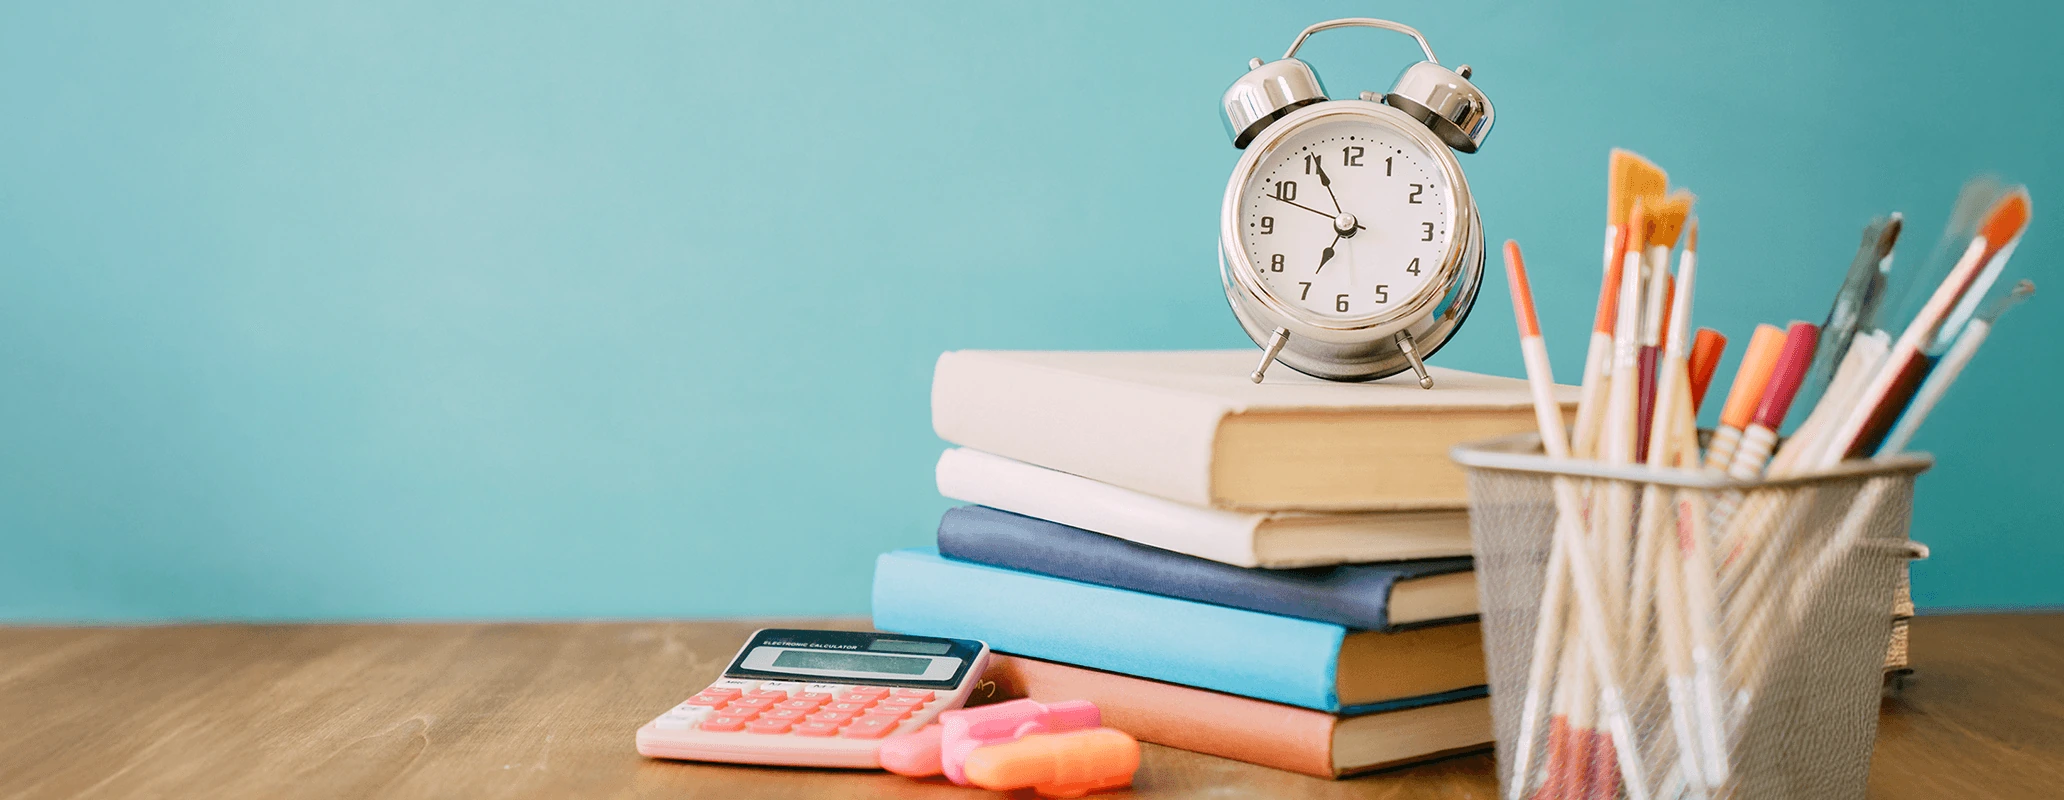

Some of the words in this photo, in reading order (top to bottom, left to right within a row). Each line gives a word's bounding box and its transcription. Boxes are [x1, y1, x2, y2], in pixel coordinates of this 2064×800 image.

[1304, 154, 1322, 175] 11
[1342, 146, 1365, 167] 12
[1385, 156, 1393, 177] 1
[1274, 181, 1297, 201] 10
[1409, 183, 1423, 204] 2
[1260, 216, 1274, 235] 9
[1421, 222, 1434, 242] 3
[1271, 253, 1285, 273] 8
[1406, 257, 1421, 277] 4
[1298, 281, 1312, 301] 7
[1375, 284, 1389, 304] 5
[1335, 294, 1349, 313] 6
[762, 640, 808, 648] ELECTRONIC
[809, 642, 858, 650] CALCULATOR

▶ _Task details_: Above are the records; give them all again exactly, apart from the pictures.

▶ _Expected answer_:
Some of the words in this photo, in reading order (top to bottom, left to right within a row). Each line gives a word's bounding box and its transcription. Boxes are [x1, y1, x2, y2], in pixel coordinates of this 2064×800 image.

[1304, 154, 1322, 175] 11
[1342, 146, 1365, 167] 12
[1385, 156, 1393, 177] 1
[1274, 181, 1297, 201] 10
[1409, 183, 1423, 204] 2
[1260, 216, 1274, 235] 9
[1421, 222, 1434, 242] 3
[1271, 253, 1285, 273] 8
[1406, 257, 1421, 277] 4
[1298, 281, 1312, 301] 7
[1375, 284, 1389, 304] 5
[1335, 294, 1349, 313] 6
[762, 640, 808, 648] ELECTRONIC
[809, 642, 858, 650] CALCULATOR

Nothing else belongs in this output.